| Provided material |
•••••

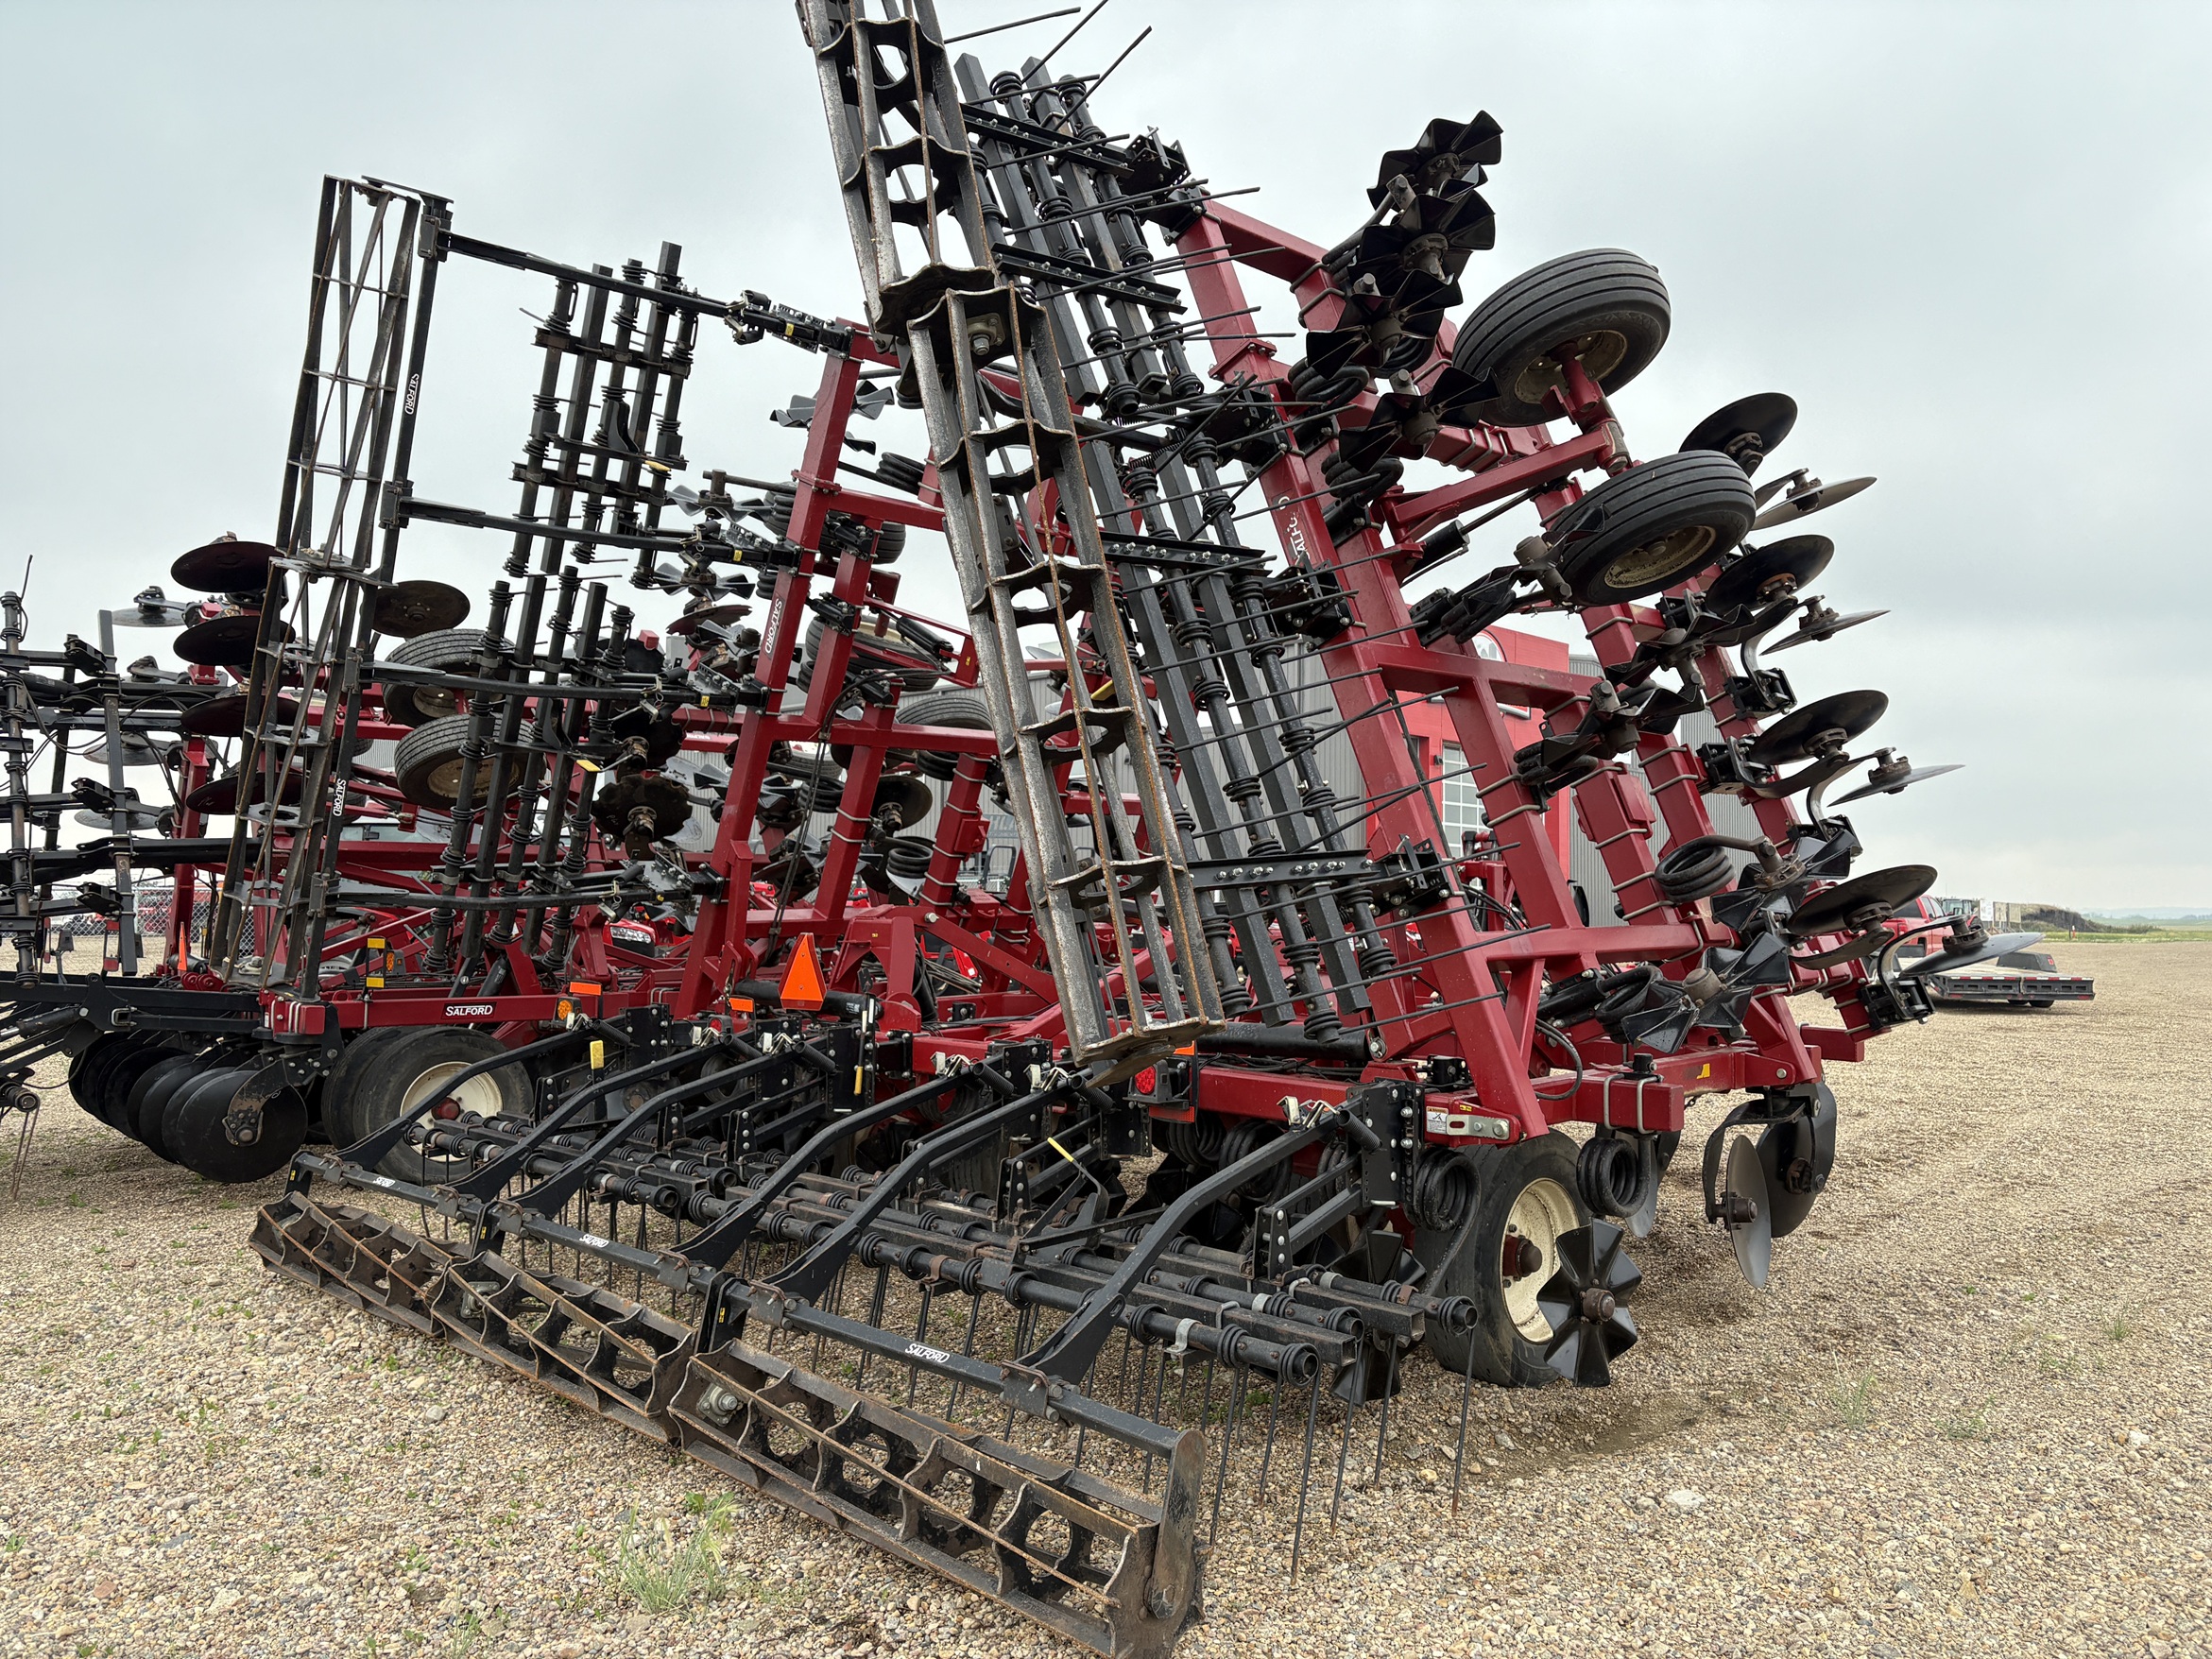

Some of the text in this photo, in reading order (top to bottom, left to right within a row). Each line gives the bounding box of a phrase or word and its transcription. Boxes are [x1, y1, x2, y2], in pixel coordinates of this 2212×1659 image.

[404, 373, 420, 415] SALFORD
[765, 598, 782, 654] SALFORD
[333, 778, 347, 816] SALFORD
[445, 1004, 493, 1017] SALFORD
[578, 1233, 609, 1248] SALFORD
[904, 1343, 951, 1363] SALFORD

•••••

Please copy out the whole listing exactly as it stands, minus the pictures.

Some of the text in this photo, in reading order (top to bottom, left to right within a row). Each line gives the bounding box of a phrase or word and its transcription. Boxes are [x1, y1, x2, y2], in pixel coordinates of this 2212×1659 image.

[404, 373, 420, 415] SALFORD
[765, 598, 782, 654] SALFORD
[333, 778, 347, 816] SALFORD
[445, 1004, 493, 1017] SALFORD
[578, 1233, 609, 1248] SALFORD
[904, 1343, 951, 1363] SALFORD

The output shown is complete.